[WORK TO BE COMPLETED]: If a record below holds a picture, leave the picture out and copy the rest exactly.

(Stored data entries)
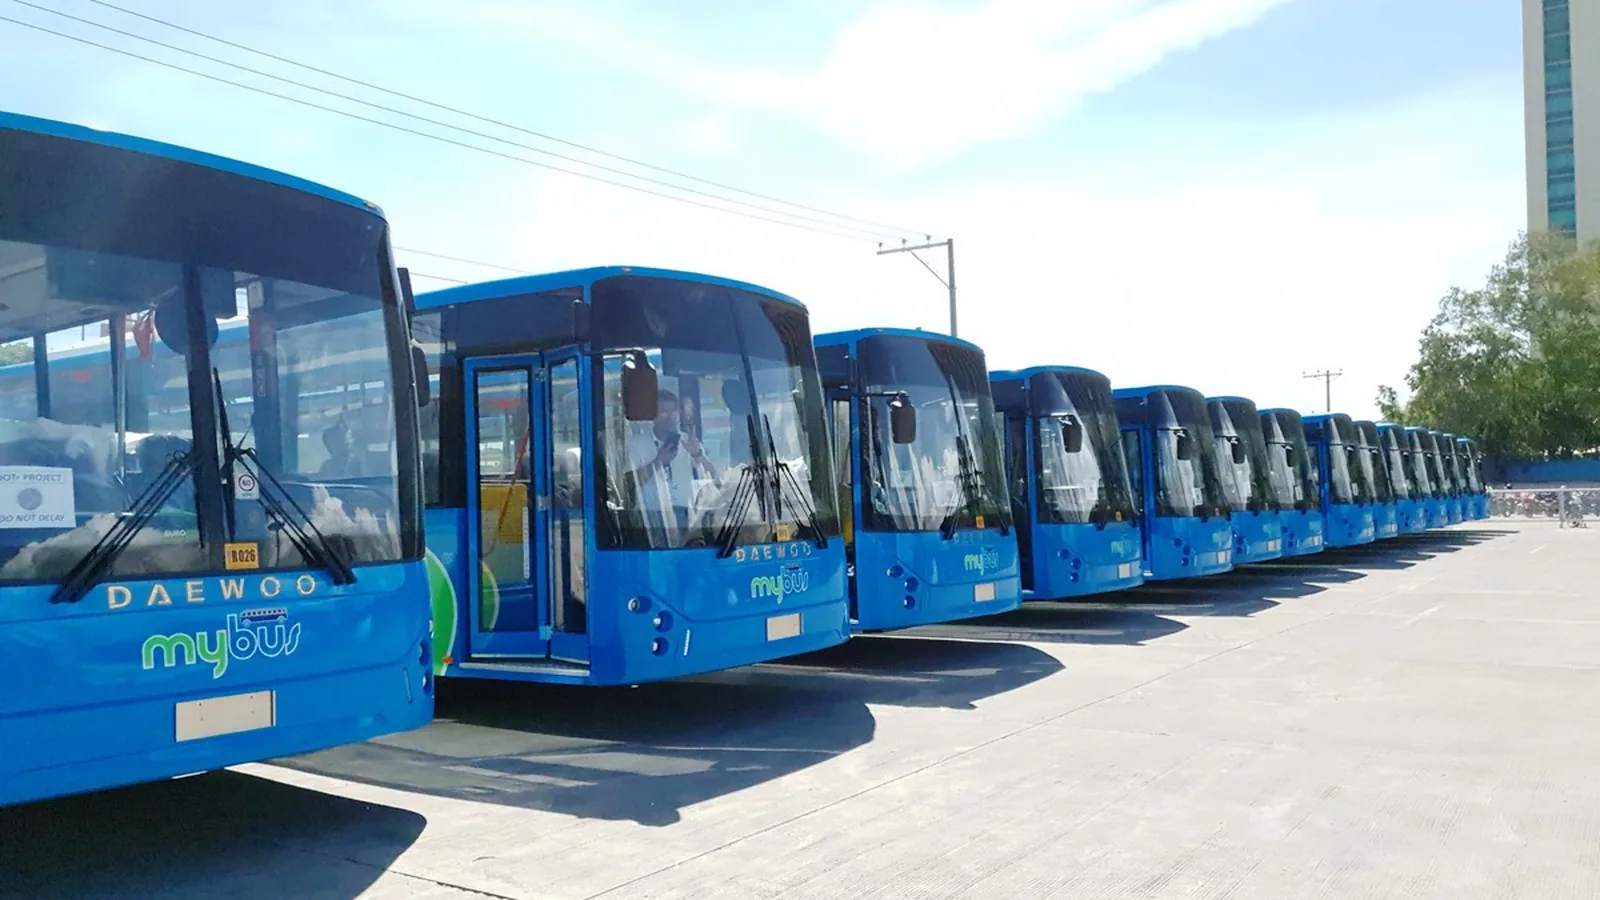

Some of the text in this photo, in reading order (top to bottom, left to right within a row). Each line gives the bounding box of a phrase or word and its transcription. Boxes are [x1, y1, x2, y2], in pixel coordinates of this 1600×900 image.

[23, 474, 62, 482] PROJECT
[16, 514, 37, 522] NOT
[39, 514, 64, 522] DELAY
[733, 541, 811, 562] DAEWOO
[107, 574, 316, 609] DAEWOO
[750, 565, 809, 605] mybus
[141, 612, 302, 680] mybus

[TASK SOLUTION]:
Some of the text in this photo, in reading order (top to bottom, left to right within a row). Each line gives the bounding box of a phrase or word and its transcription. Boxes are [x1, y1, x2, y2], in pixel coordinates of this 1600×900 image.

[23, 474, 62, 482] PROJECT
[16, 514, 37, 522] NOT
[39, 514, 64, 522] DELAY
[733, 541, 811, 562] DAEWOO
[107, 574, 316, 609] DAEWOO
[750, 565, 809, 605] mybus
[141, 612, 302, 680] mybus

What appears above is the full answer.